Remember, if you are buying frozen raw food at the store, it needs to remain frozen until you are ready to serve since it cannot be refrozen. If you know that you are not going straight home from the store or you live a good distance from the store you purchase your dog food, make sure to bring a cooler and ice packs with you so you can keep the food frozen until you get it in your freezer.

How Do You Know Your Dog Food Has Gone Bad?

If you are trying to store dog food long term, it is essential to know when the food has gone bad and it is time to get rid of it. There is a fine line between making the food last as long as possible and reaching the point of rancid or moldy food. Here are some ways to tell that it is time to throw the food out

  • Expiration Date: All dog food bags have an expiration date on them. Even though some food can last longer than those dates, it’s a good idea to get rid of dog food when that day has passed.
  • Mold: If you see any signs of mold growth either in the food or your container, you need to throw the food out.
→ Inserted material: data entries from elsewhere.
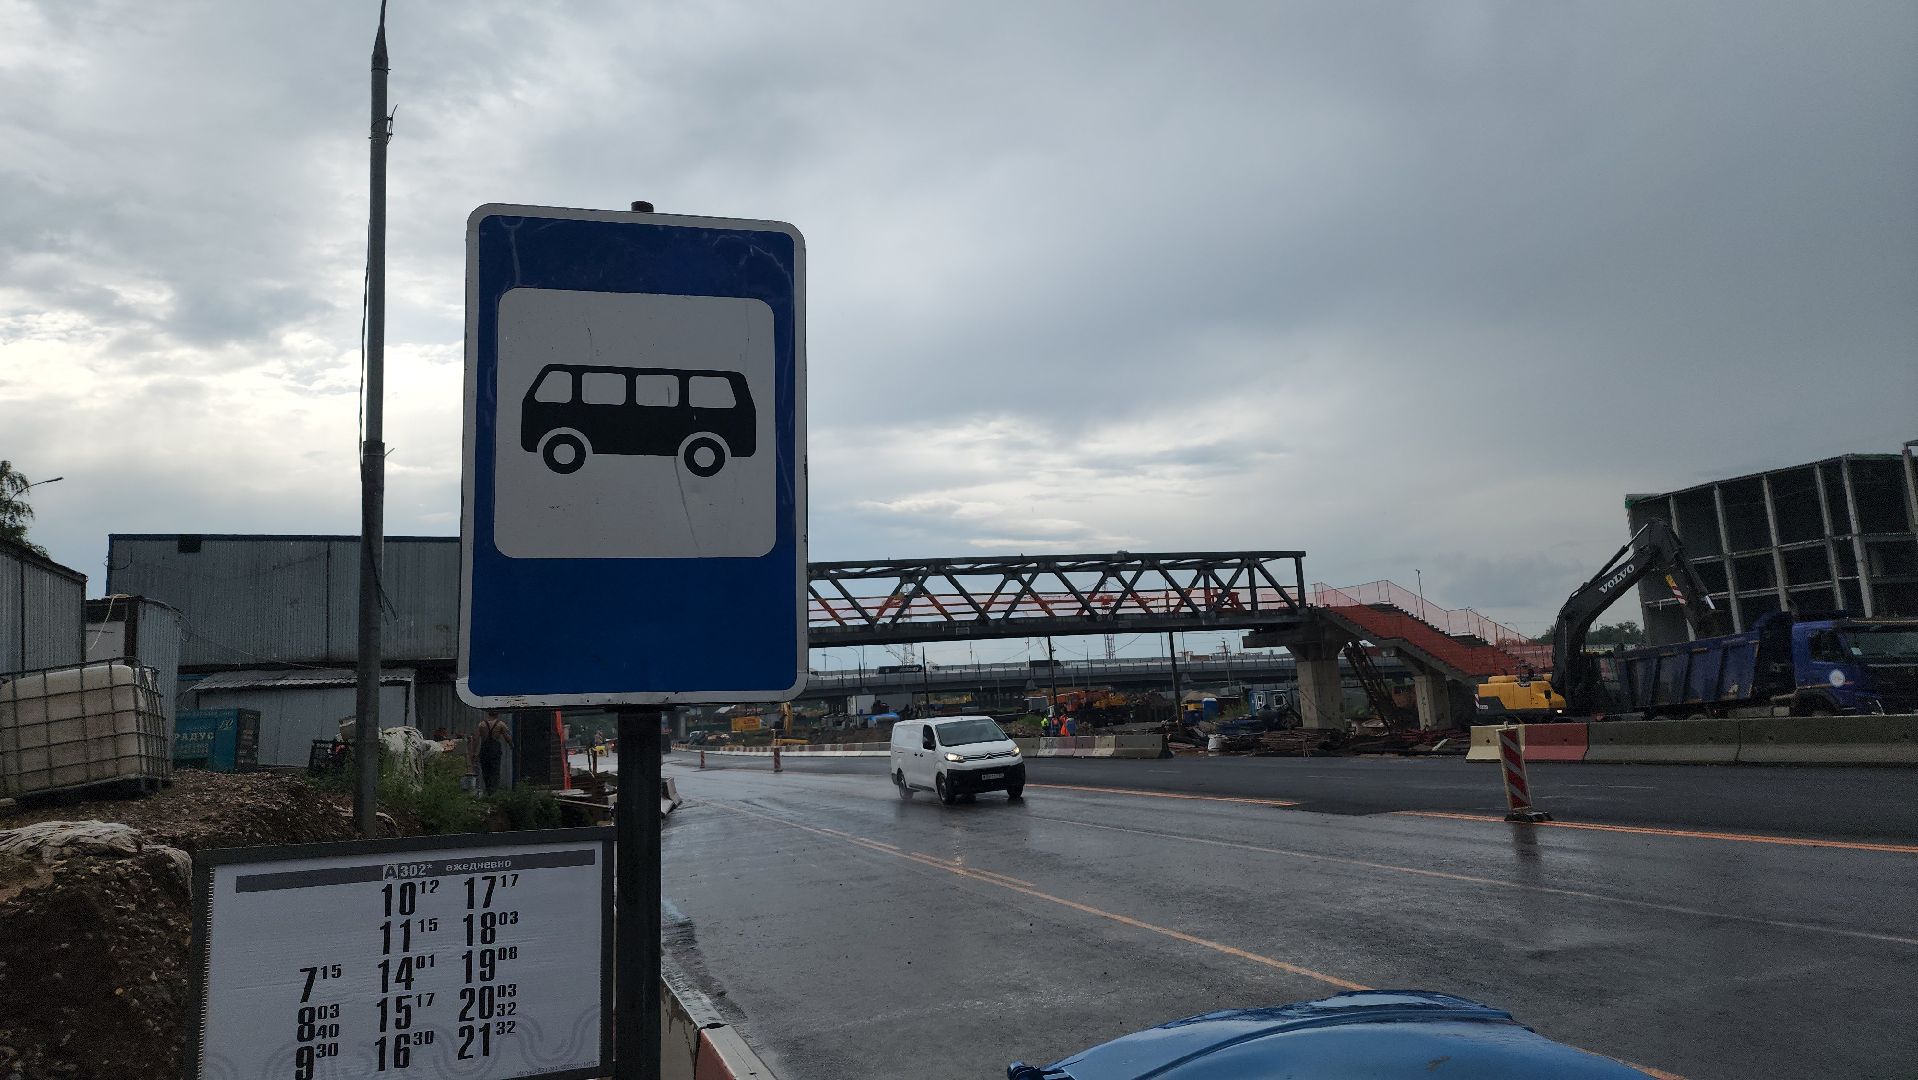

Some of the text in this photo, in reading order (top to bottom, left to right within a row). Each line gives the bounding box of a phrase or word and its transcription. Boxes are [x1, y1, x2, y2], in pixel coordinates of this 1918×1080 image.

[1598, 563, 1635, 593] VOLVO
[445, 860, 512, 873] ежедневно
[381, 882, 416, 917] 10
[464, 876, 496, 909] 17
[380, 919, 412, 955] 11
[463, 912, 497, 946] 18
[378, 957, 415, 993] 14
[462, 949, 496, 984] 19
[300, 967, 318, 1003] 7
[377, 995, 412, 1032] 15
[459, 986, 495, 1022] 20
[297, 1007, 316, 1042] 8
[458, 1023, 491, 1060] 21
[295, 1046, 315, 1080] 9
[375, 1034, 411, 1071] 16
Mold can be very toxic to dogs.
  • Bugs: You may start to notice weevils, meal moths, or numerous other bugs that enjoy grains and meats. Get rid of the food immediately and inspect the areas around your container to ensure the bugs are not elsewhere. Although many of the bugs in dog food are not harmful when ingested, not getting rid of them immediately can lead to an infestation of all the food in your house, not just dog food.
  • Smell: If the dog food begins to smell like paint or chemicals, it has gone rancid and needs to be thrown out.
  • Your dog Won’t Eat: Although there are many possible causes for loss of appetite in dogs, if your dog starts to refuse their food or eat smaller portions, there is a good chance that the food is starting to go bad.
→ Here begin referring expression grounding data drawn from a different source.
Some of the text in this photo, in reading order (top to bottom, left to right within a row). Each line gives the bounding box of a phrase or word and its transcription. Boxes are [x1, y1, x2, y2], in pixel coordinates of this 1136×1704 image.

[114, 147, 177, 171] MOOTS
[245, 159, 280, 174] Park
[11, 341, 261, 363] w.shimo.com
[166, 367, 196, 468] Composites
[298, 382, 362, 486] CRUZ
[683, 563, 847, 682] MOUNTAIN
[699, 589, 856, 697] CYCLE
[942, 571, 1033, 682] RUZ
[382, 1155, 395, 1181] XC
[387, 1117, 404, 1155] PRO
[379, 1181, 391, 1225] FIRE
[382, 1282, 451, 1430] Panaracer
It’s important to properly store your dog’s food to ensure its freshness and prevent any health issues. This can be achieved by keeping the food in its original packaging, storing it in an airtight container in a cool, dry place, and freezing it if it will be open for longer than a month. For wet food, pay attention to expiration dates, keep the cans cool, and don’t use dented cans.

When you open it, use a can cap and store it in the fridge for up to five days. It is also important to check expiration dates on dry food and avoid storing it in plastic containers or automatic feeders. Cleaning the container regularly and keeping it dry can also help prevent spoilage. Following these tips can help ensure that your dog’s food stays fresh and healthy.